Can someone help me with this question? I don't know where to begin.
We'll find the cross sectional area and multiply by L. If we assume that the circle is centered at the origin then it has the equation
$\displaystyle x^2+y^2 = R^2$
so the area can be found by (we'll use some symmetry)
$\displaystyle 2\int_{-R}^{R} \sqrt{R^2-y^2}\; dy$
This gives $\displaystyle \pi R^2$ but we're not going all the way up, just to a height $\displaystyle h$ from the bottom or $\displaystyle h-R$ from the origin so
$\displaystyle 2\int_{-R}^{h-R} \sqrt{R^2-y^2}\; dy,$
The volume is then
$\displaystyle V = 2L\int_{-R}^{h-R} \sqrt{R^2-y^2}\; dy$.

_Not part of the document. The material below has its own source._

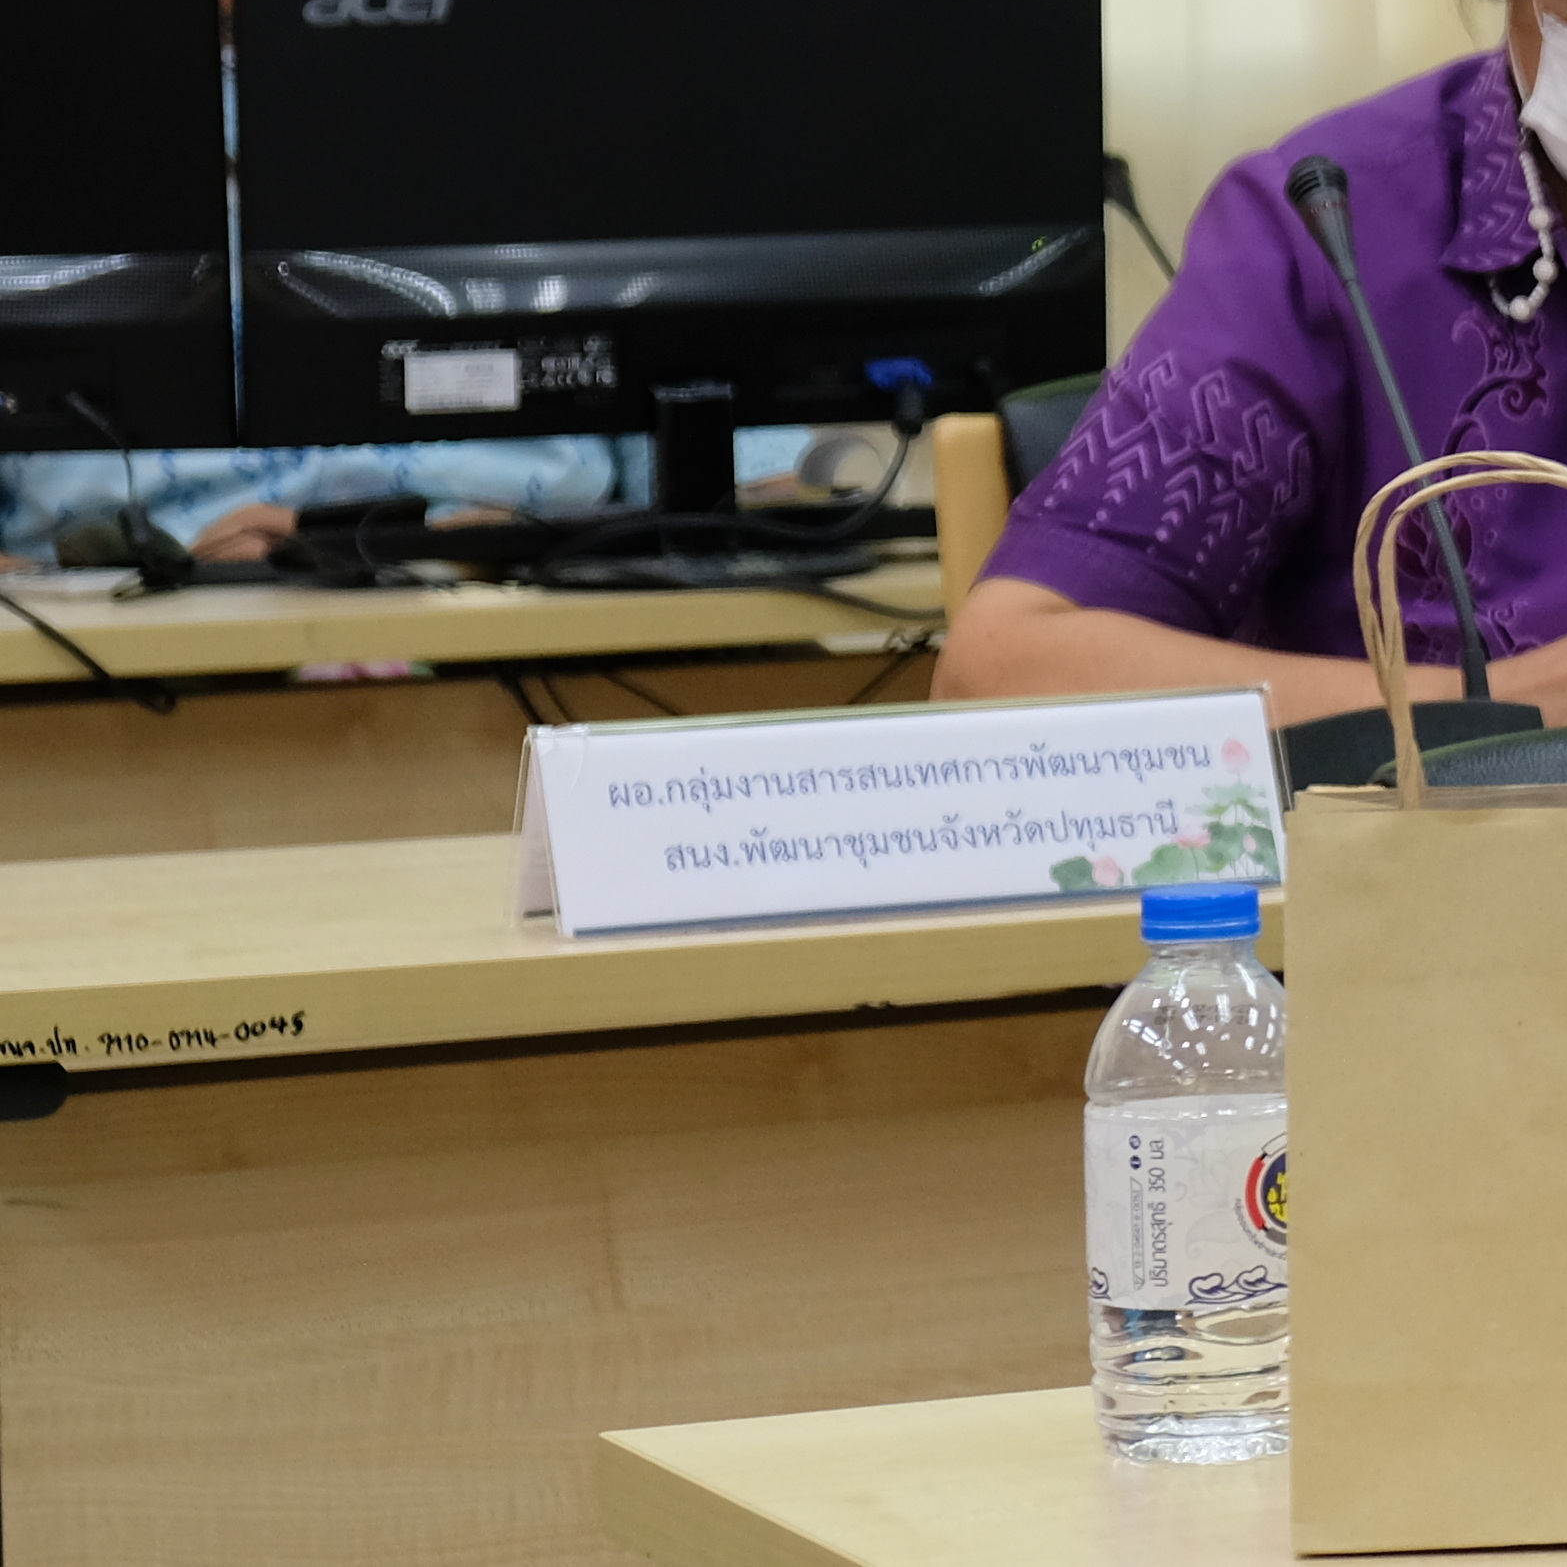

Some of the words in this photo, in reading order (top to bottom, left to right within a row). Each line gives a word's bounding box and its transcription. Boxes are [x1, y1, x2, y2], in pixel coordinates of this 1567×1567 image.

Well, let's think about it. $\displaystyle h $ is a measure from the bottom of the cylinder to some height $\displaystyle h$. If $\displaystyle h = 0$ then
$\displaystyle
V = 2L\int_{-R}^{-R} \sqrt{R^2-y^2}\; dy = 0
$
If $\displaystyle h > 0$ then $\displaystyle h-R > -R$ so even if $\displaystyle h < R$ then $\displaystyle h-R > -R$. Consider the case where $\displaystyle h = R$ (the bottom half of the circle)
$\displaystyle
V = 2L\int_{-R}^{0} \sqrt{R^2-y^2}\; dy = \left. \frac{y \sqrt{R^2 -y^2}}{2} + \frac{R^2}{2} \sin^{-1} \frac{y}{R} \right| _{-R}^0 = 2L \cdot \frac{\pi R^2}{4} = \frac{\pi R^2 L}{2}
$
which is the area of half a circle times L.